(Beginning of DATASET EXCERPTS)
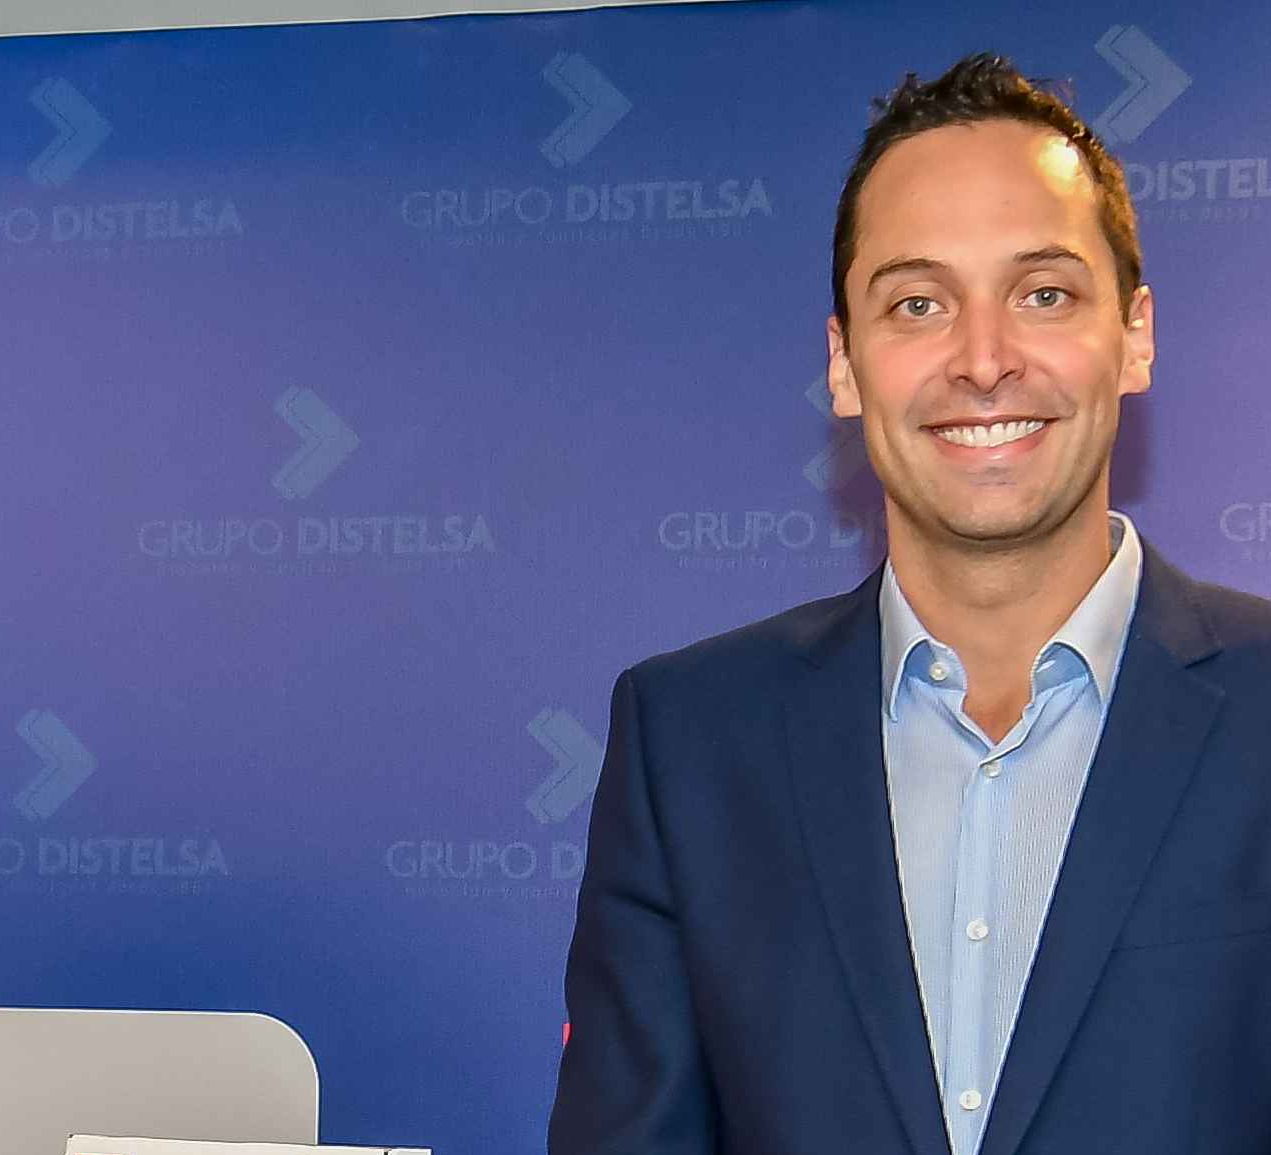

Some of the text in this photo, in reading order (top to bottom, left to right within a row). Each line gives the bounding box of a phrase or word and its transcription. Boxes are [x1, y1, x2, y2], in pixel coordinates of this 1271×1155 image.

[52, 199, 243, 242] DISTELSA
[401, 179, 773, 228] GRUPO DISTELSA
[138, 513, 496, 557] GRUPO DISTELSA
[658, 511, 816, 551] GRUPO
[38, 837, 229, 876] DISTELSA
[386, 840, 536, 880] GRUPO
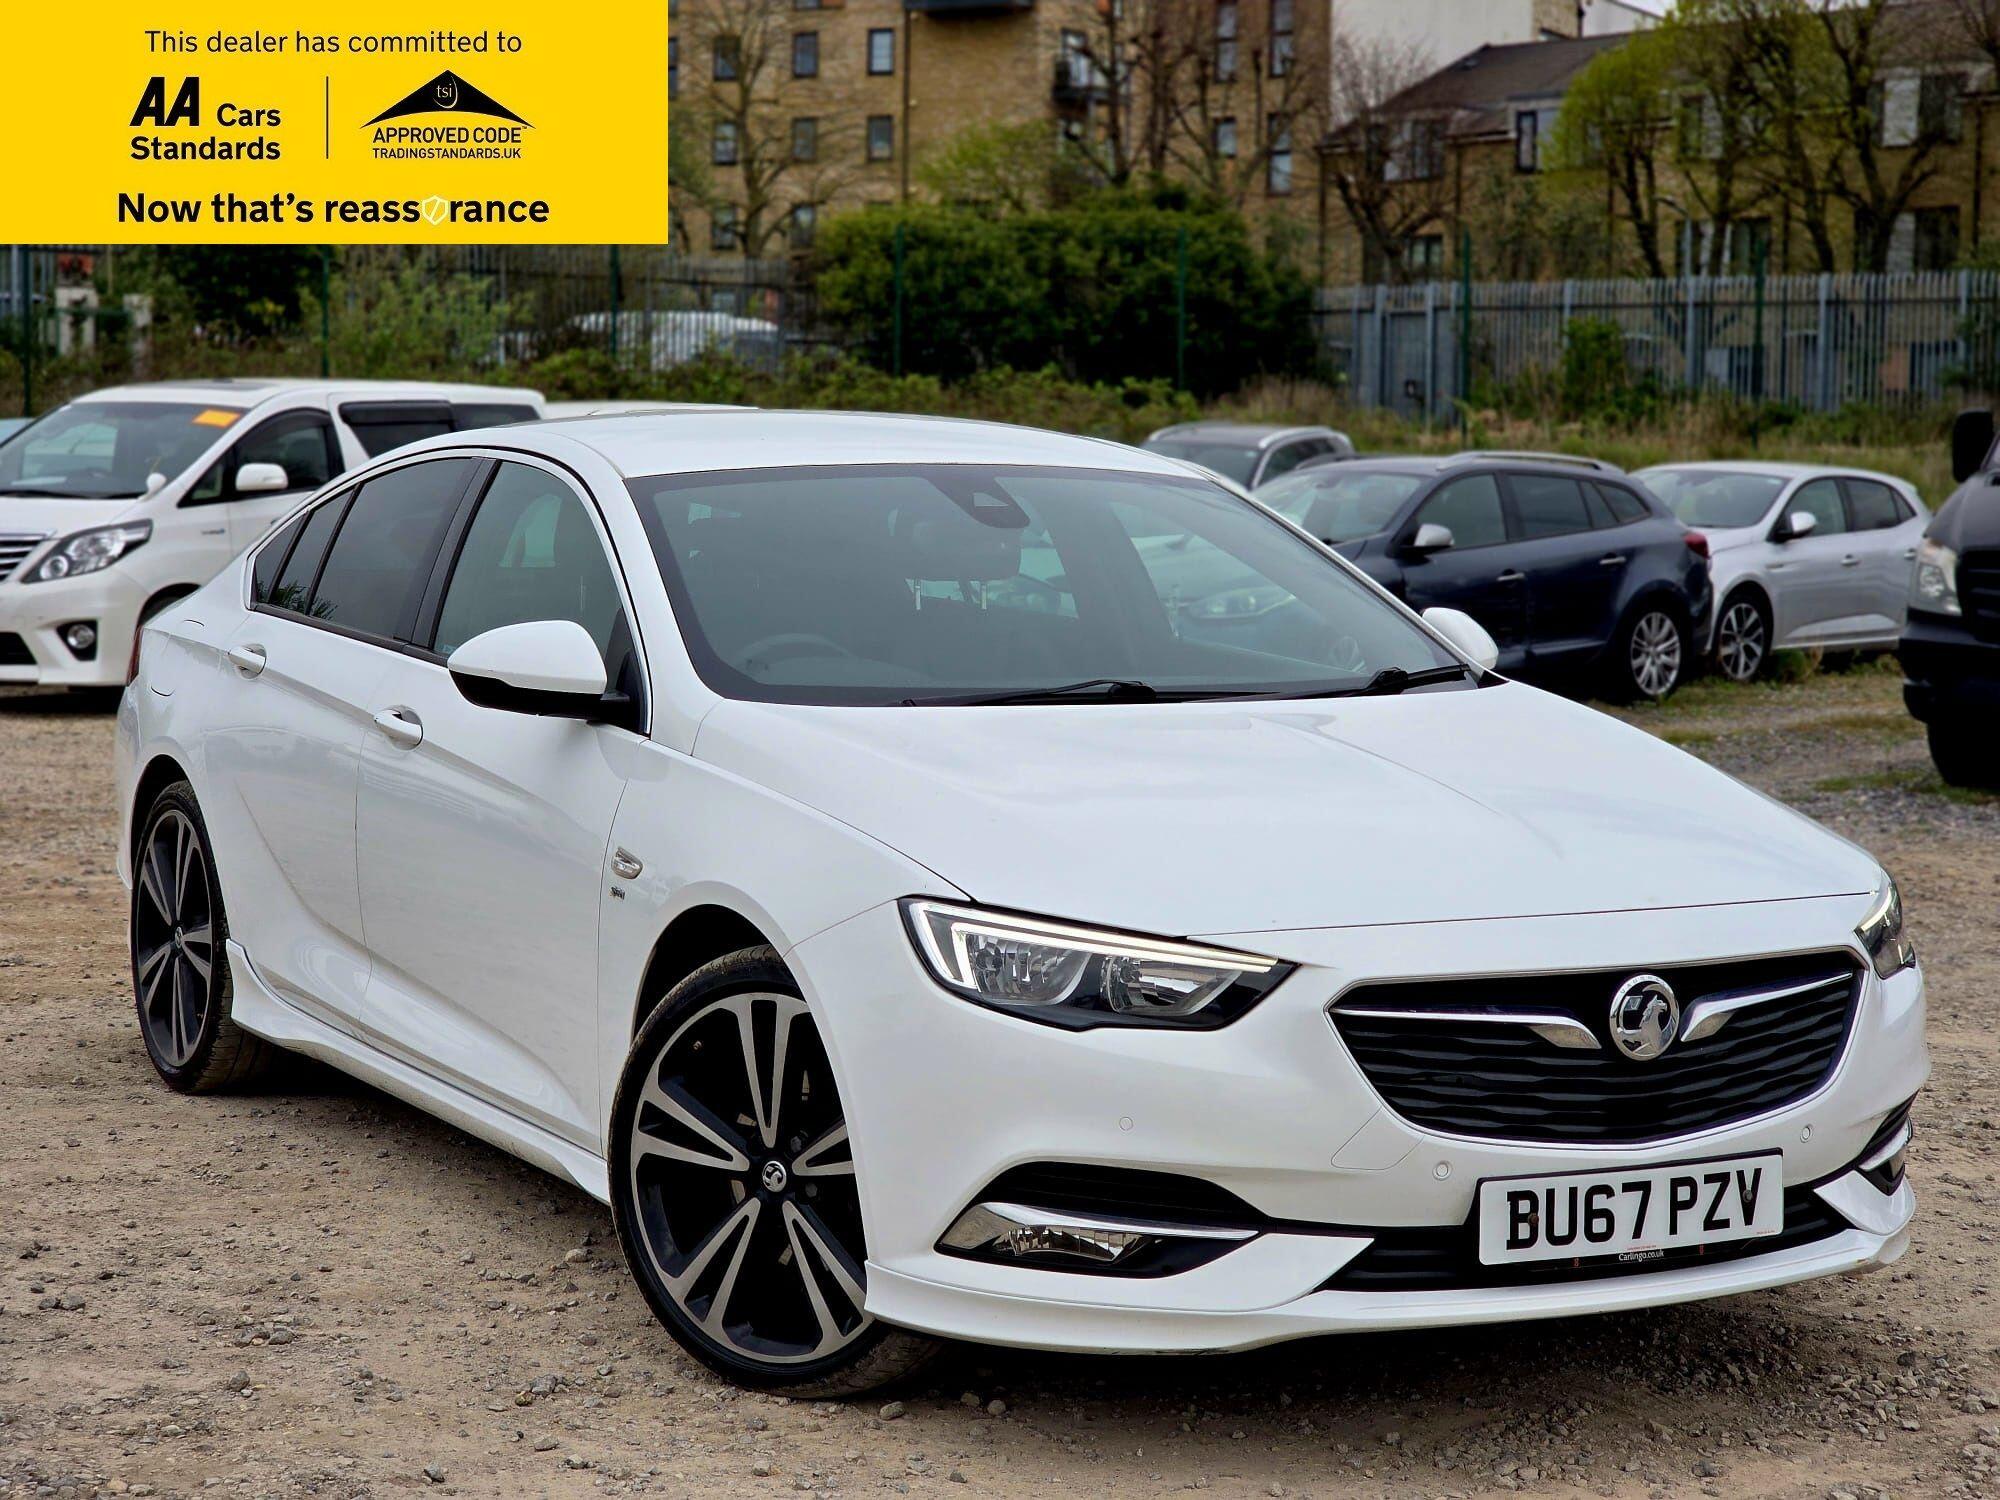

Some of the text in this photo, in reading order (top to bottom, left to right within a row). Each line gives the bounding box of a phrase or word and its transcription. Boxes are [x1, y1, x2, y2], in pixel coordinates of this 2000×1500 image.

[1506, 1167, 1763, 1250] BU67 PZV
[1618, 1249, 1665, 1262] Carlingo.co.uk
(End of DATASET EXCERPTS)
_WHAT IS BEING ASKED:_ Do not include images; quote all of the entries above exactly.

_SOLUTION TO THIS TASK:_
Some of the text in this photo, in reading order (top to bottom, left to right within a row). Each line gives the bounding box of a phrase or word and its transcription. Boxes are [x1, y1, x2, y2], in pixel coordinates of this 1271×1155 image.

[52, 199, 243, 242] DISTELSA
[401, 179, 773, 228] GRUPO DISTELSA
[138, 513, 496, 557] GRUPO DISTELSA
[658, 511, 816, 551] GRUPO
[38, 837, 229, 876] DISTELSA
[386, 840, 536, 880] GRUPO

Some of the text in this photo, in reading order (top to bottom, left to right within a row). Each line gives the bounding box of a phrase or word and its transcription. Boxes are [x1, y1, x2, y2], in pixel coordinates of this 2000×1500 image.

[1506, 1167, 1763, 1250] BU67 PZV
[1618, 1249, 1665, 1262] Carlingo.co.uk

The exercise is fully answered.